(This one may be Whittlean or Den Bestean in length, if not in quality, so bear with me.)
Way back when—or back in the day—I was an active duty Air Force bomb loader, officially called an Aircraft Armament Systems Specialist. Oh, I didn’t load any conventional fire-bombs that would burn, maim, but not contaminate. My specialty? Loading nuclear and chemical munitions onto fighter-bomber aircraft. I had entered the Air Force as an “open-field” enlisted candidate and, though I had scored high in the ASVAB test in all areas except for mechanics—hey, I’m a chick—the AF gave me a mechanical job.
I hated it, but I stuck it out for three years, until I was able to cross-train into another field.
Around the middle of my third year as a bomb loader (1983), I started thinking about my purpose in life. I was around twenty-one. (I’m forty-three now.) Nukes and chemical weapons? They were the containers of death and more death; writhing, disgusting demises; the gift that kept on giving. I had become one of the conduits through which such horrible deaths would occur. Could I live with myself being such? No. Not then.
So I applied for Conscientious Objector status. I didn’t want to separate from the AF necessarily, but I didn’t want to be a party to the type of death that the AF served up.
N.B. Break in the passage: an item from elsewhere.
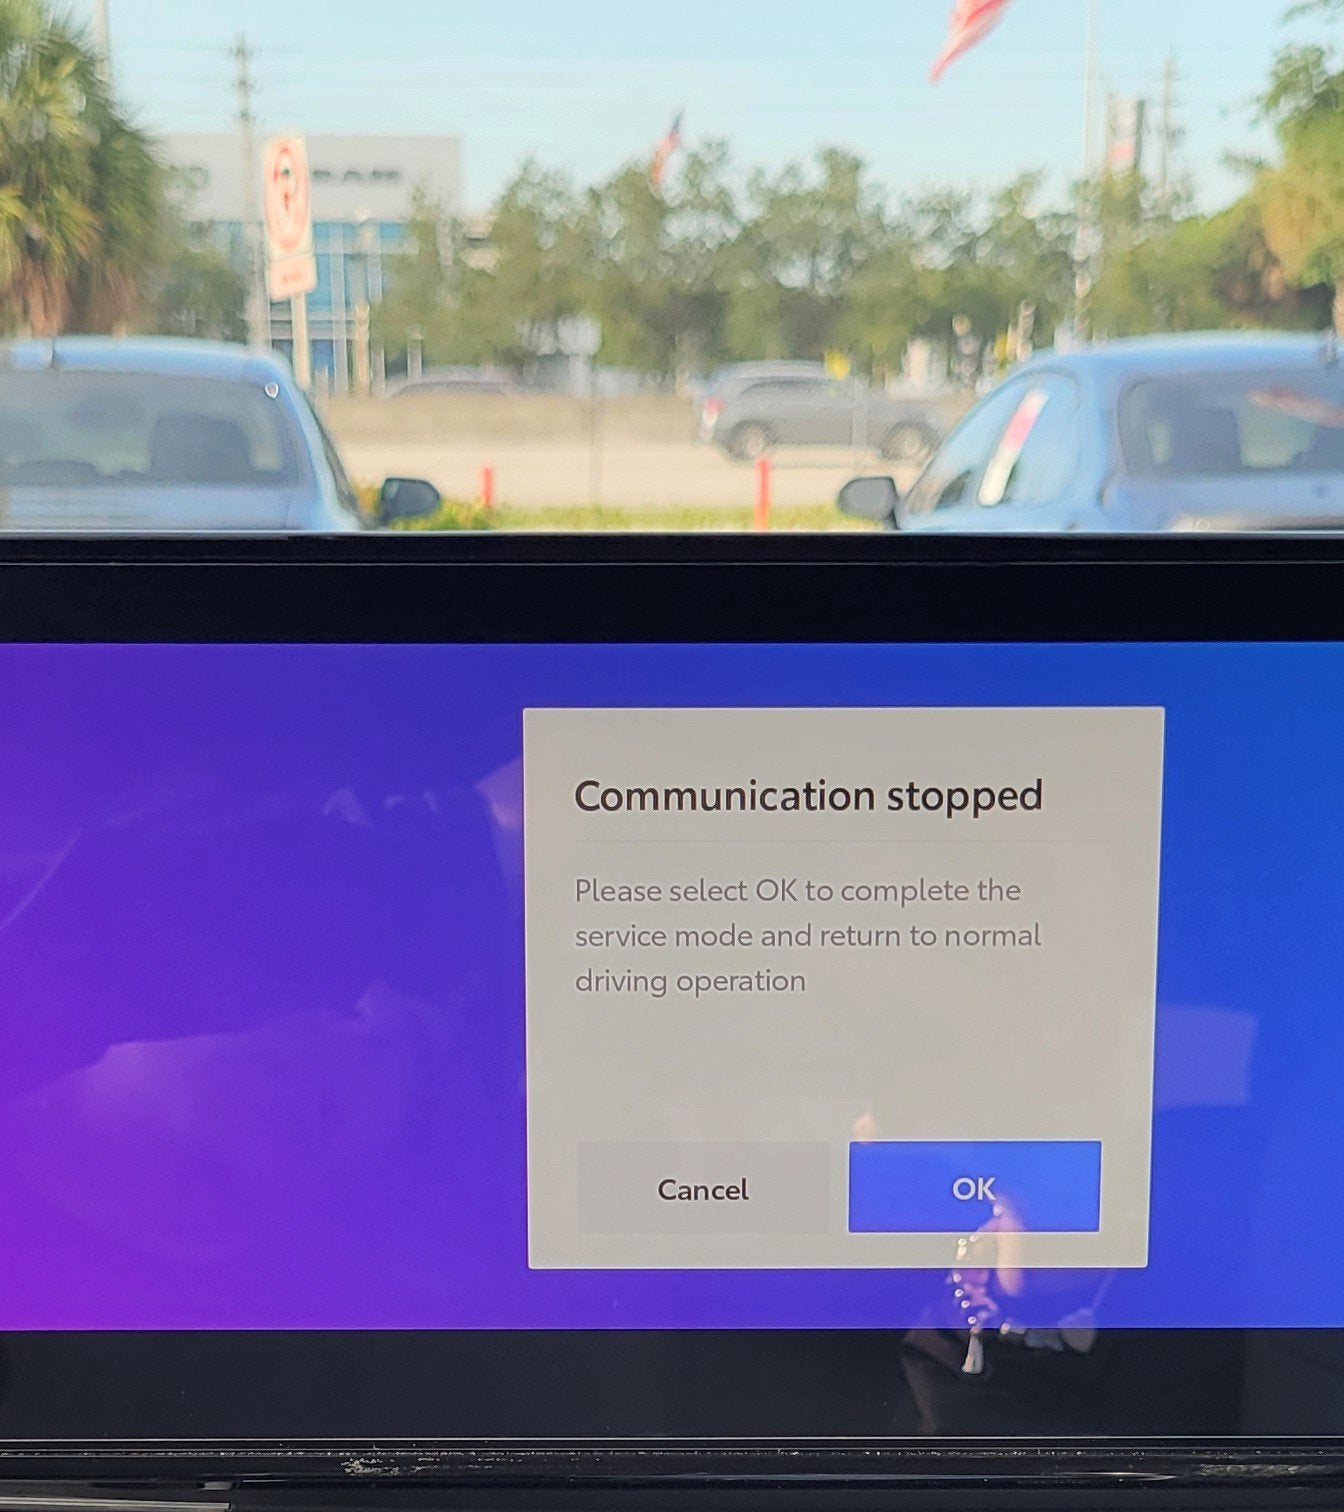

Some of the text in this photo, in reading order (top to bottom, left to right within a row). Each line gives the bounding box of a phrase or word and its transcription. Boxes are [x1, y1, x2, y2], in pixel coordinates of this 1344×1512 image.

Understand, back then I had no concept of the flow of history, the surety of purpose of fanatics/fascists or the nature of evil. The fact that the US was the only nation-state that had used nuclear weapons but, subsequently, was the most hesitant to use them in the nearly fifty years up to that point, didn’t occur to me. Not then. All I knew was that we held the largest amount of the most deadly weapons on the planet.
I didn’t understand that evil must be opposed and that that was what we were doing.
So I let my application run the channels. Maybe I could become a medic or something. (Ironically, that’s what I became in my Reserve incarnation, after two other career fields.)
A month or so after I submitted my application for CO status, Beirut occurred. Marines, Navy, and Army folk were blown to bits. Oh, not in a trench or a foxhole, holding various deadly weapons in their hands to take the enemy out as well, but in their beds sleeping. Or up shaving or taking a shower. Or making love to some female Marine (or a male marine; hey, you never know). In any case, those GIs who died on October 23, 1983, weren’t killed by the usual enemies--those with "western" concepts of honor. They were murdered by enemies who had a code separate and alien to ours.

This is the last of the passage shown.